Additionally, you should realize that just because your "700 W" power supply might not explode until you pull, say, 500 W from it, doesn't mean that everything works flawlessly right up until it explodes. Loose voltage regulation and high ripple can damage other components even if the power supply survives. Furthermore, the amount of power that a power supply can deliver tends to decrease as time passes and components age. If your power supply could go up to 500 W without exploding when it was new, that might only be 400 W or 450 W today.
So how much power can your power supply deliver safely? If you buy a 500 W power supply from a reputable vendor, you know that the answer is at least 500 W, at least when it's new. But it's pretty much guaranteed that your "700 W" can't handle 700 W. So how much can it really handle safely? Can it do 500 W? 400 W? 300 W? We don't know. How much risk do you want to take that your power supply will die and take everything else in your computer with it?
Or perhaps worse, how much risk do you want to take that the power supply will slowly damage various hardware. Maybe it makes your computer start shutting down at random times. Maybe it starts giving you random blue screens of death. Maybe it only does it under heavy gaming loads at first. Maybe the timing is completely random. Even if you find the component that is directly causing the problems and replace it, the bad power supply can damage the new hardware the same way it did the old. And then it gets worse and worse as time passes until you either go crazy or give up and replace the entire machine.
And don't think that you can just replace your power supply later. If your power supply fries your video card, replacing the power supply won't resurrect the video card.
That's not to say that the power supply is guaranteed to fry anything, even if you replace your video card with something with a much higher power draw. If you routinely run your car with far less oil than the manufacturer recommends, it won't necessarily make the engine die on the first day. Or in the first year. Or ever. But it might, and it's a very dumb risk to take. Just like running a computer off of that power supply.

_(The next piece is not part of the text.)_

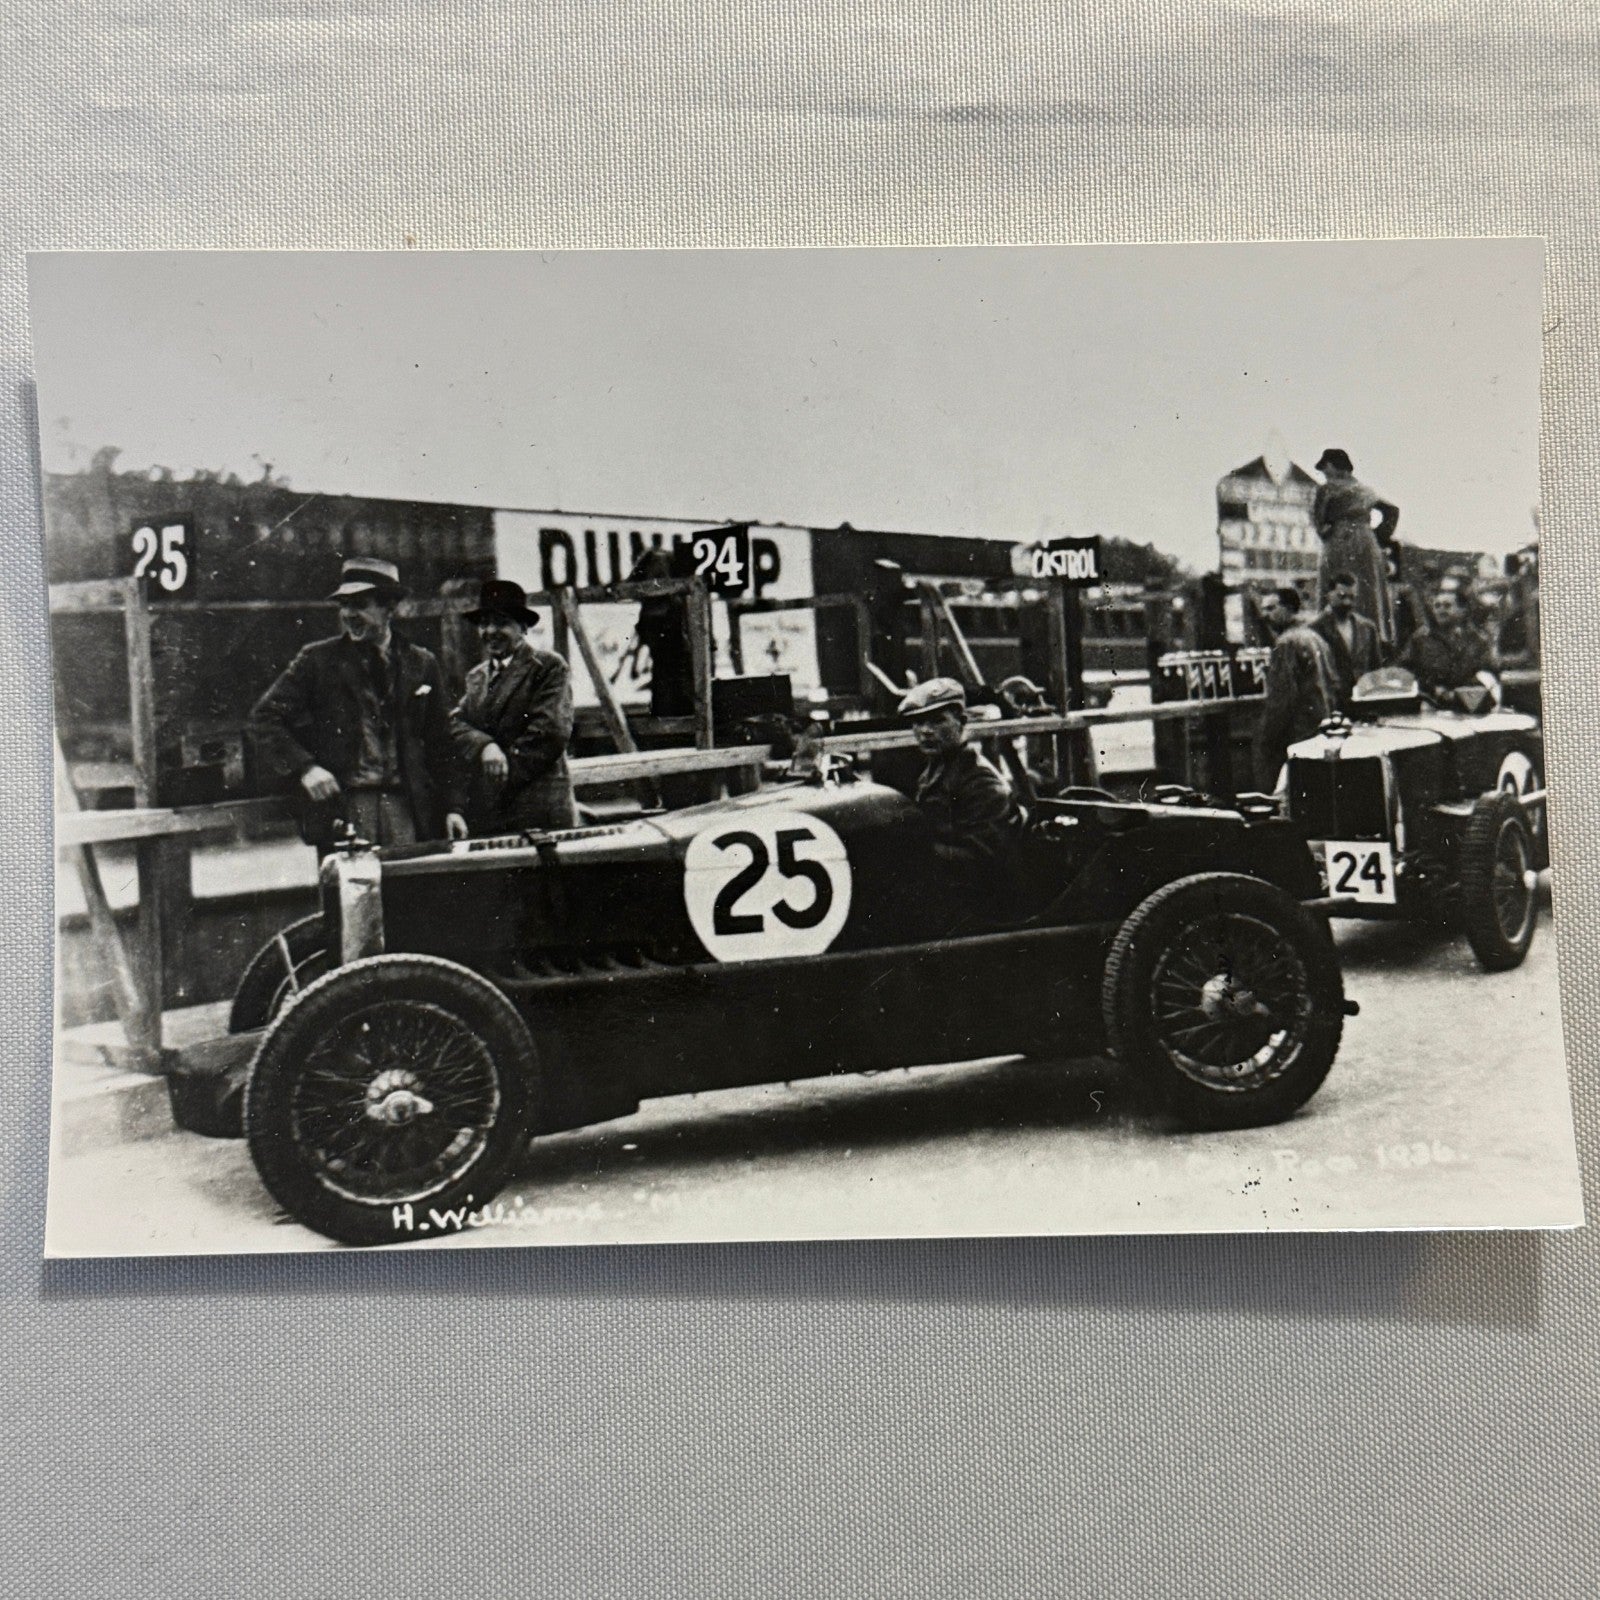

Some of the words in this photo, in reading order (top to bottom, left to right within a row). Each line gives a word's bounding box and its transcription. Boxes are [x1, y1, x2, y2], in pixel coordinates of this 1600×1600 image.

If you keep that power supply and continue running a computer off of it, and then things go wrong as a result of the power supply (which you probably won't be able to directly trace to the power supply, even though it's likely to be the real culprit), it's 100% your fault. Not Cyber Power PC's fault; you're the one that picked the cheap junk part that exists only so they can quote a lower base price on a model, and not because anyone is actually supposed to buy it. It's definitely not the fault of Nvidia, Intel, EVGA, or Corsair; if you can't feed their components the stable voltages that they need, it's not their fault of their hardware doesn't work.
The 560 TI will do you just fine.
What happens when you log off your characters????.....http://www.youtube.com/watch?v=GFQhfhnjYMkDark Age of Camelot
Originally posted by TayahThe 560 TI will do you just fine.
No, it wont.
A 560ti will not run GW at max settings during WvW large battles without Major FPS drops.